» HOW TO COMPLETE THIS TASK:
Images stay out; everything else in the records is to be set down exactly.
┏━━
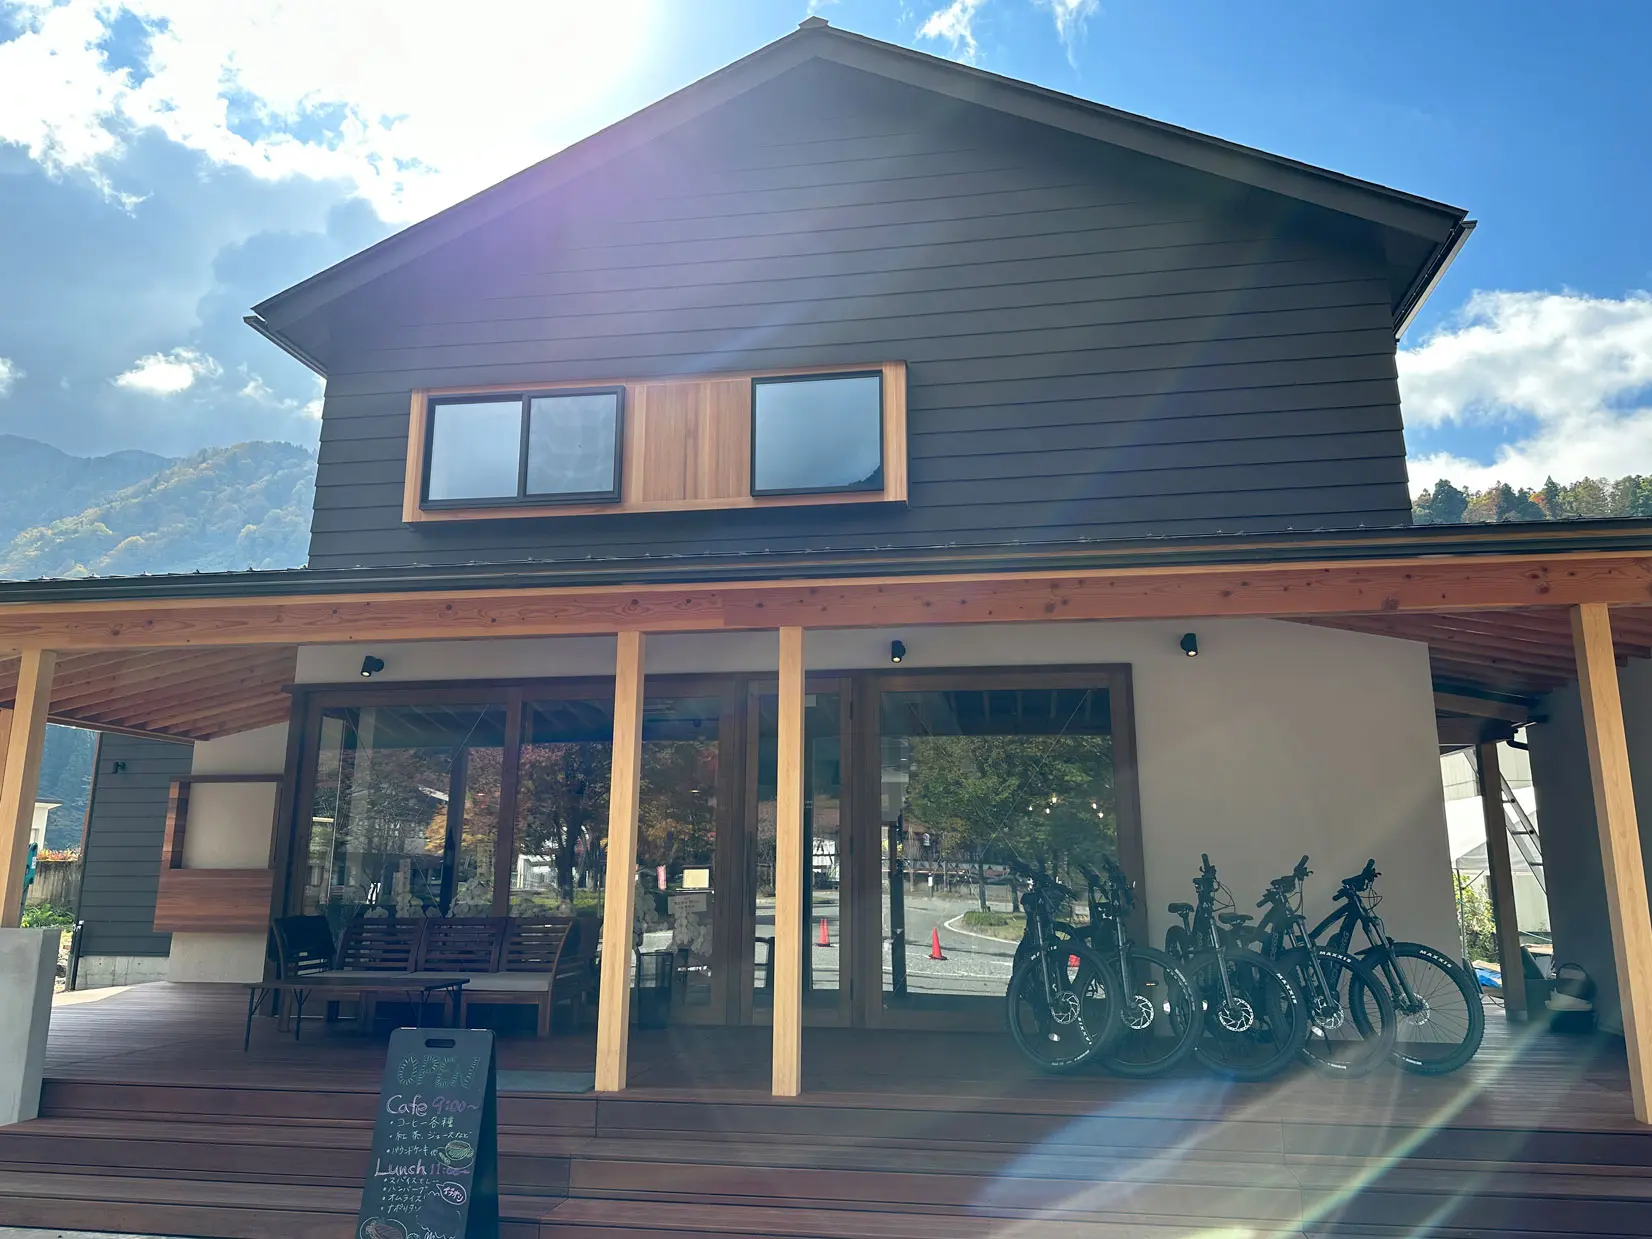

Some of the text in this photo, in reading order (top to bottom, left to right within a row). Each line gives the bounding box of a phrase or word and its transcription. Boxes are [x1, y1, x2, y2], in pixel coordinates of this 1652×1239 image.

[1319, 951, 1352, 963] MAXXIS
[1419, 949, 1453, 968] MAXXIS
[1276, 973, 1298, 1004] MAXXIS
[397, 1054, 481, 1089] OPEN
[386, 1093, 428, 1116] Cafe
[374, 1157, 427, 1177] Lunch
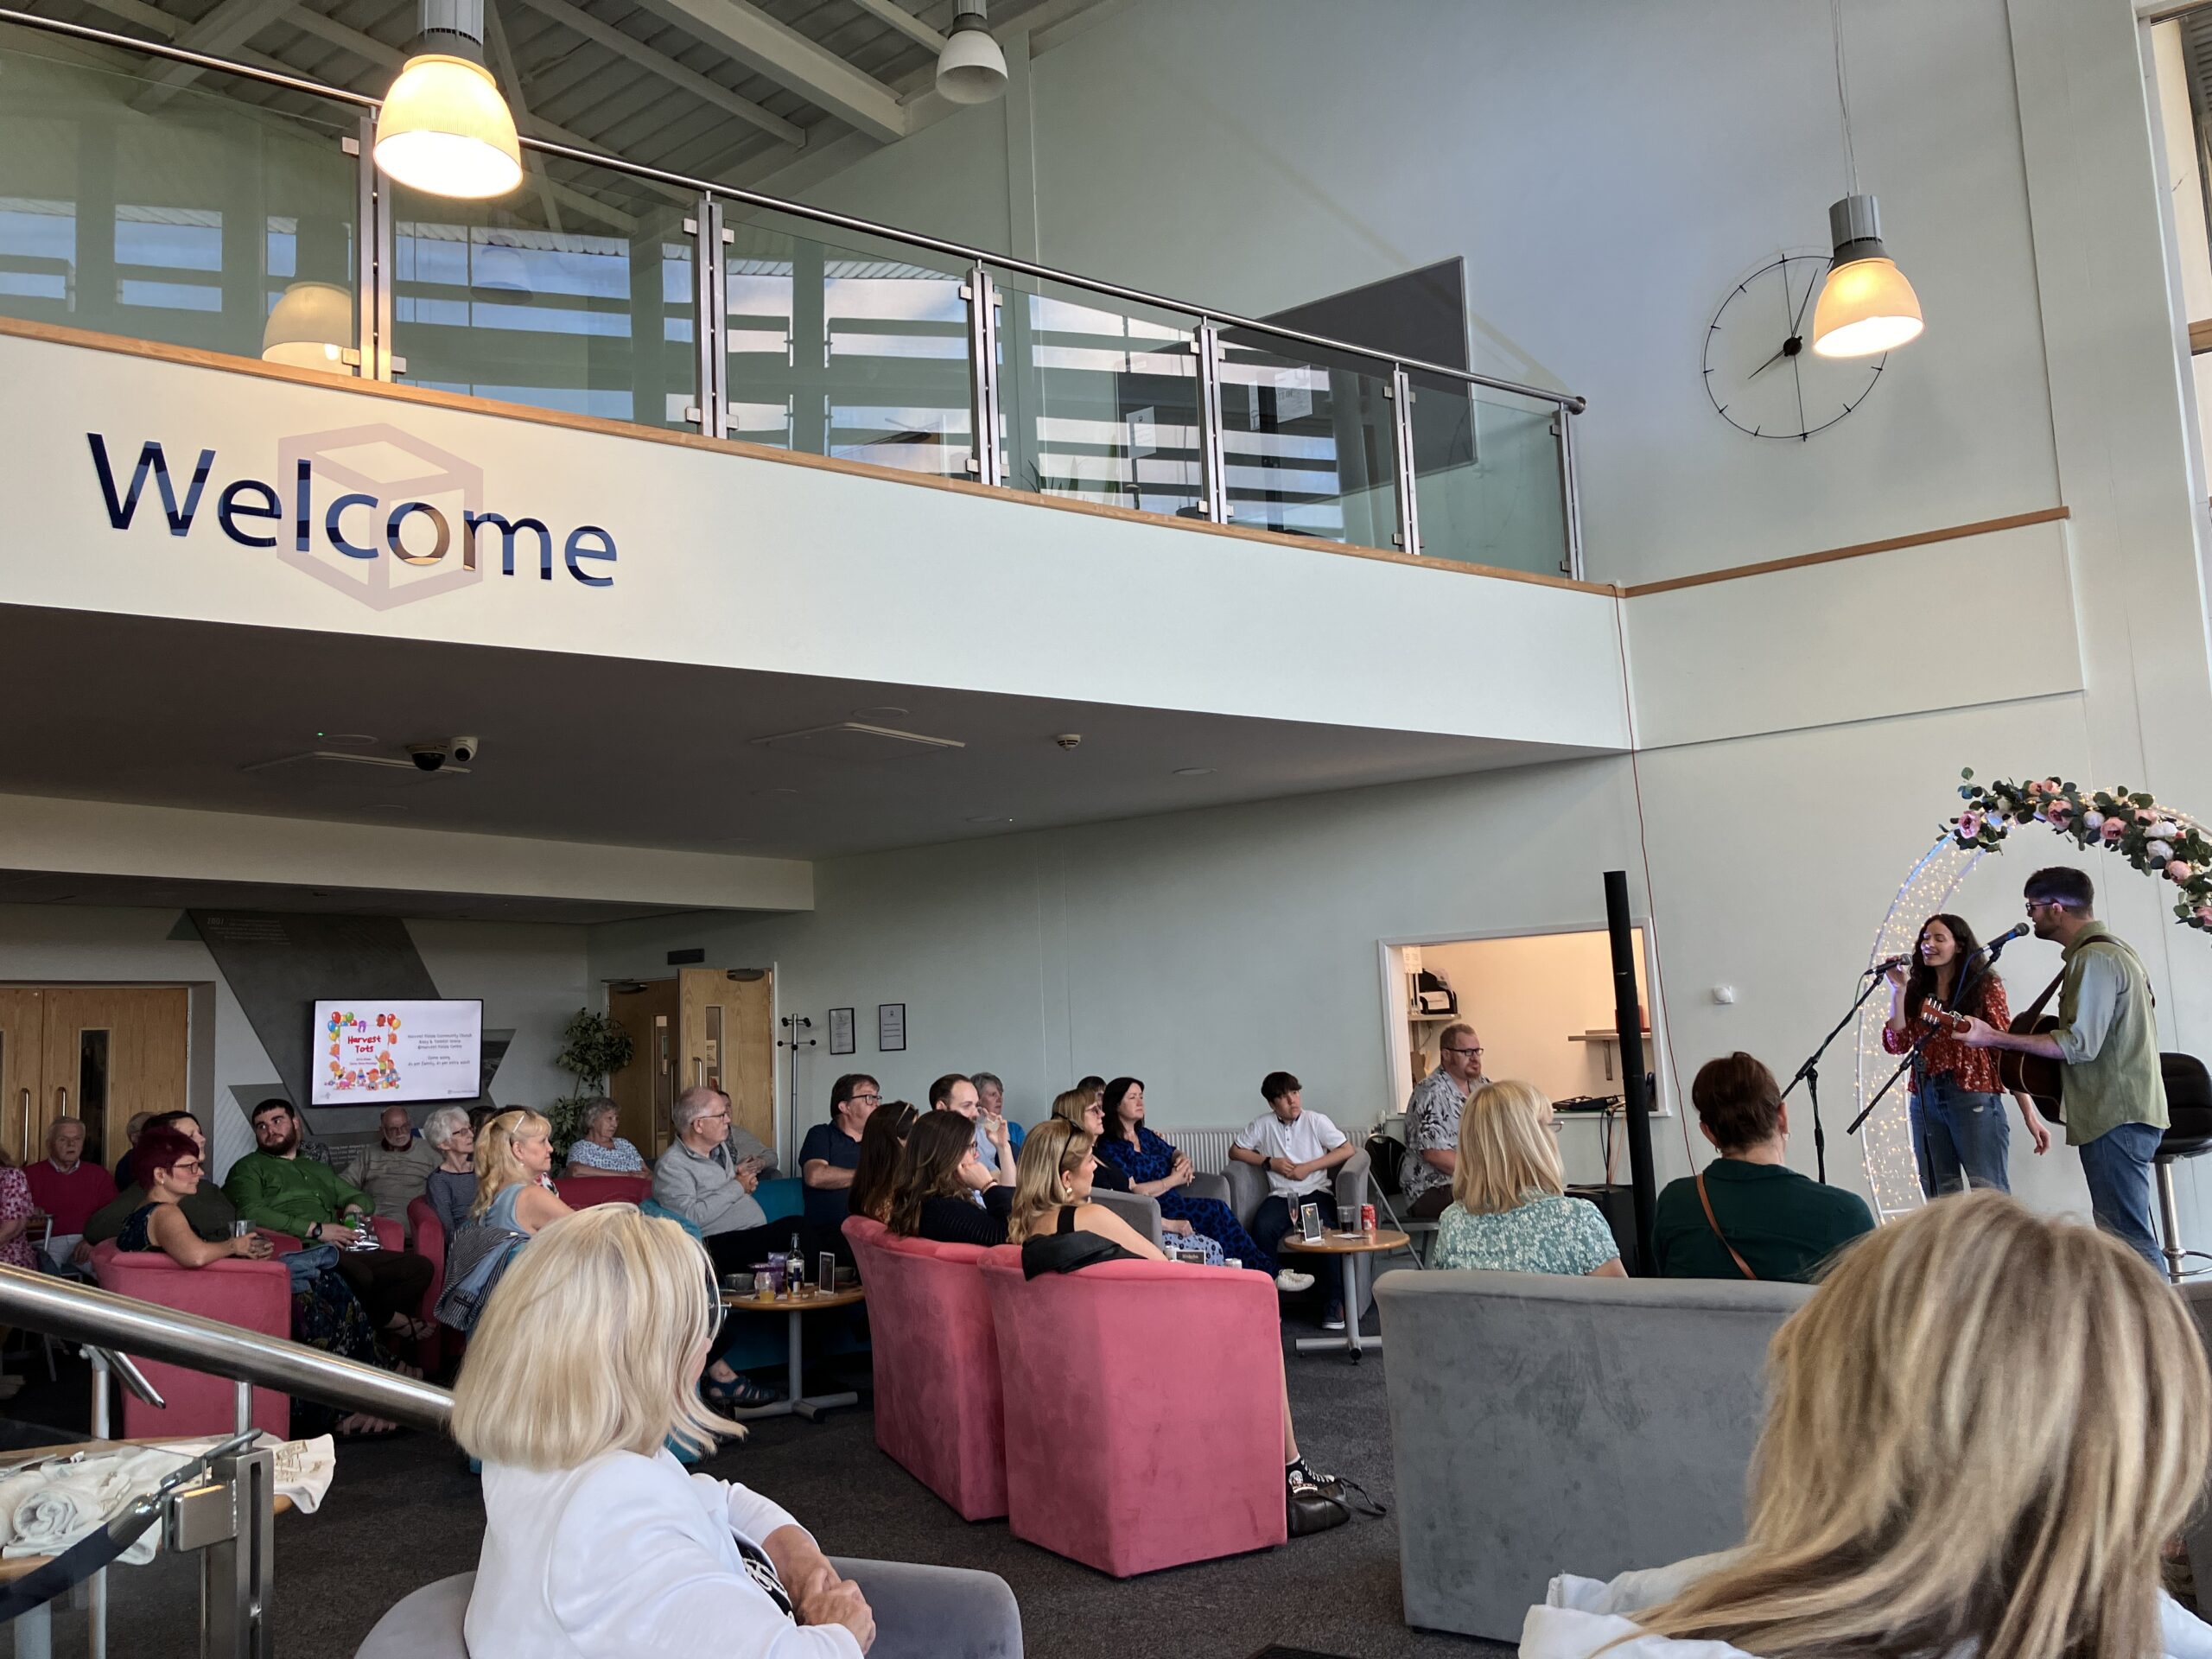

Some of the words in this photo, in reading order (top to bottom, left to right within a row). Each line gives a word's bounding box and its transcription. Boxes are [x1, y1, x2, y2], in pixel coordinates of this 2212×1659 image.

[86, 432, 618, 588] Welcome
[347, 1035, 381, 1045] Harvest
[355, 1045, 374, 1053] Tots
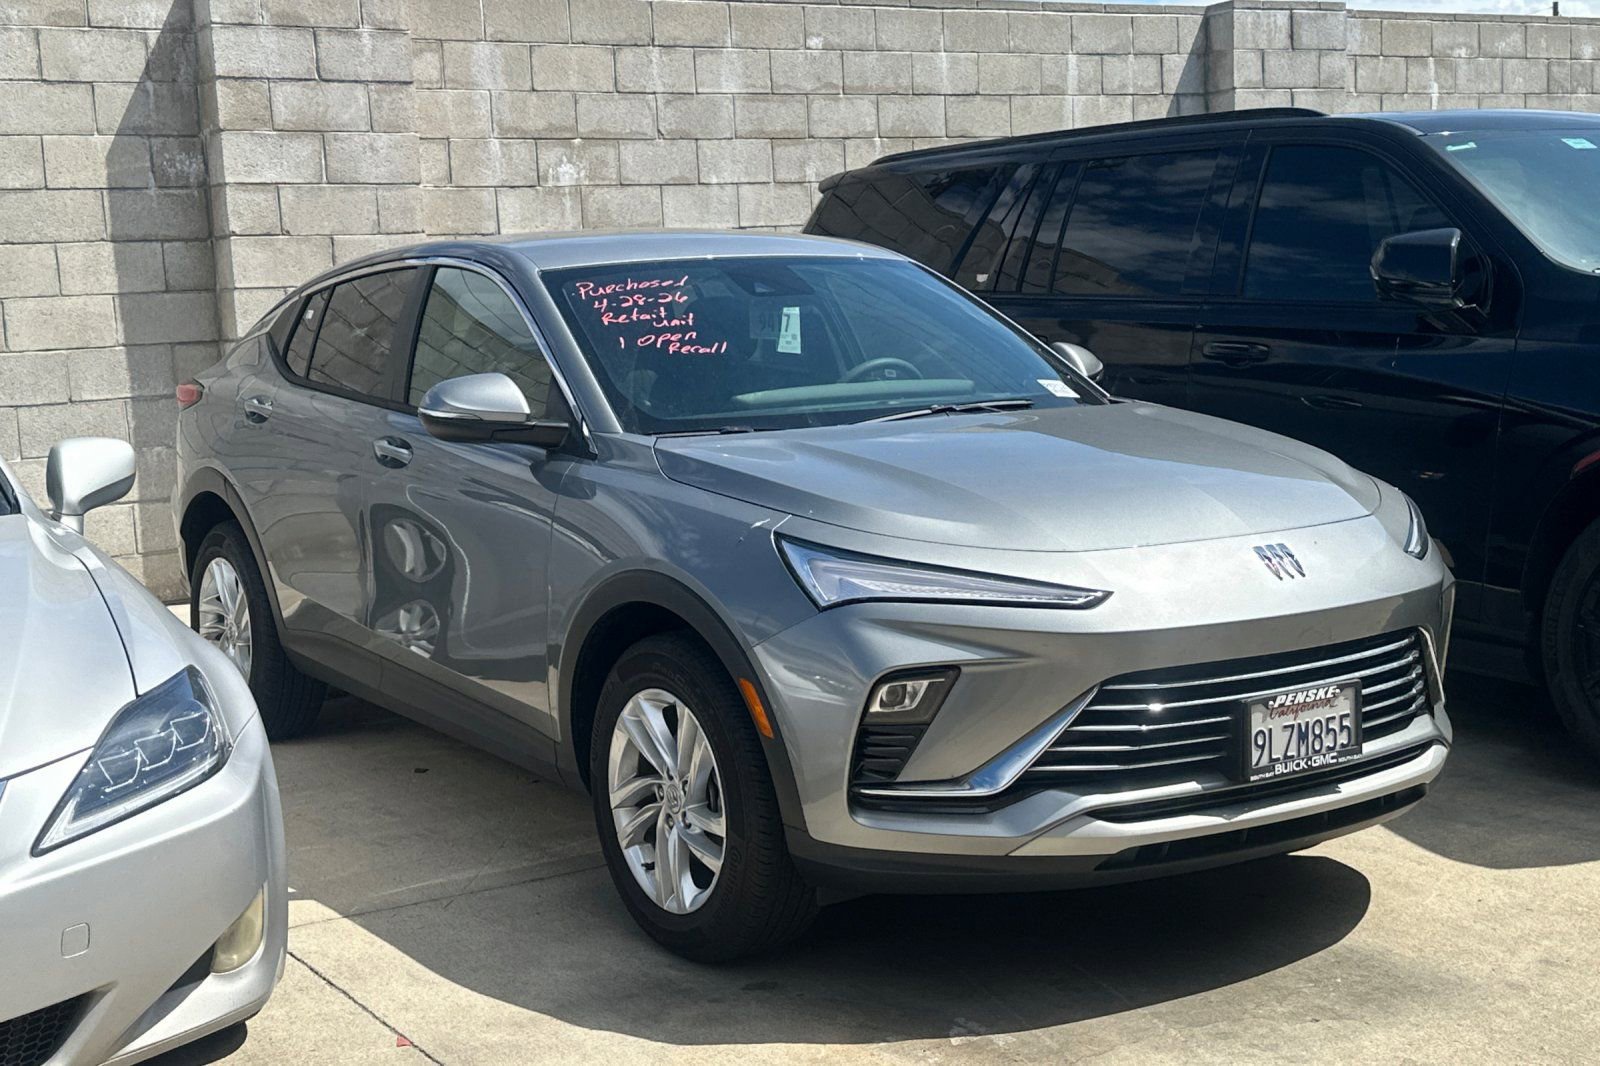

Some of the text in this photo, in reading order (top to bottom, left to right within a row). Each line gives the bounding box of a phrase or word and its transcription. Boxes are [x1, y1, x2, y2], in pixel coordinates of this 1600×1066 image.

[576, 275, 689, 300] Purchased
[594, 291, 689, 313] 4-28-26
[601, 306, 668, 326] Retail
[668, 341, 728, 355] Recall
[1273, 685, 1338, 708] PENSKE
[1253, 712, 1352, 768] 9LZM855
┗━━
» SOLUTION:
Some of the text in this photo, in reading order (top to bottom, left to right within a row). Each line gives the bounding box of a phrase or word and its transcription. Boxes are [x1, y1, x2, y2], in pixel coordinates of this 1652×1239 image.

[1319, 951, 1352, 963] MAXXIS
[1419, 949, 1453, 968] MAXXIS
[1276, 973, 1298, 1004] MAXXIS
[397, 1054, 481, 1089] OPEN
[386, 1093, 428, 1116] Cafe
[374, 1157, 427, 1177] Lunch

Some of the words in this photo, in reading order (top to bottom, left to right within a row). Each line gives a word's bounding box and its transcription. Boxes are [x1, y1, x2, y2], in pixel coordinates of this 2212×1659 image.

[86, 432, 618, 588] Welcome
[347, 1035, 381, 1045] Harvest
[355, 1045, 374, 1053] Tots

Some of the text in this photo, in reading order (top to bottom, left to right within a row). Each line gives the bounding box of a phrase or word and its transcription. Boxes are [x1, y1, x2, y2], in pixel coordinates of this 1600×1066 image.

[576, 275, 689, 300] Purchased
[594, 291, 689, 313] 4-28-26
[601, 306, 668, 326] Retail
[668, 341, 728, 355] Recall
[1273, 685, 1338, 708] PENSKE
[1253, 712, 1352, 768] 9LZM855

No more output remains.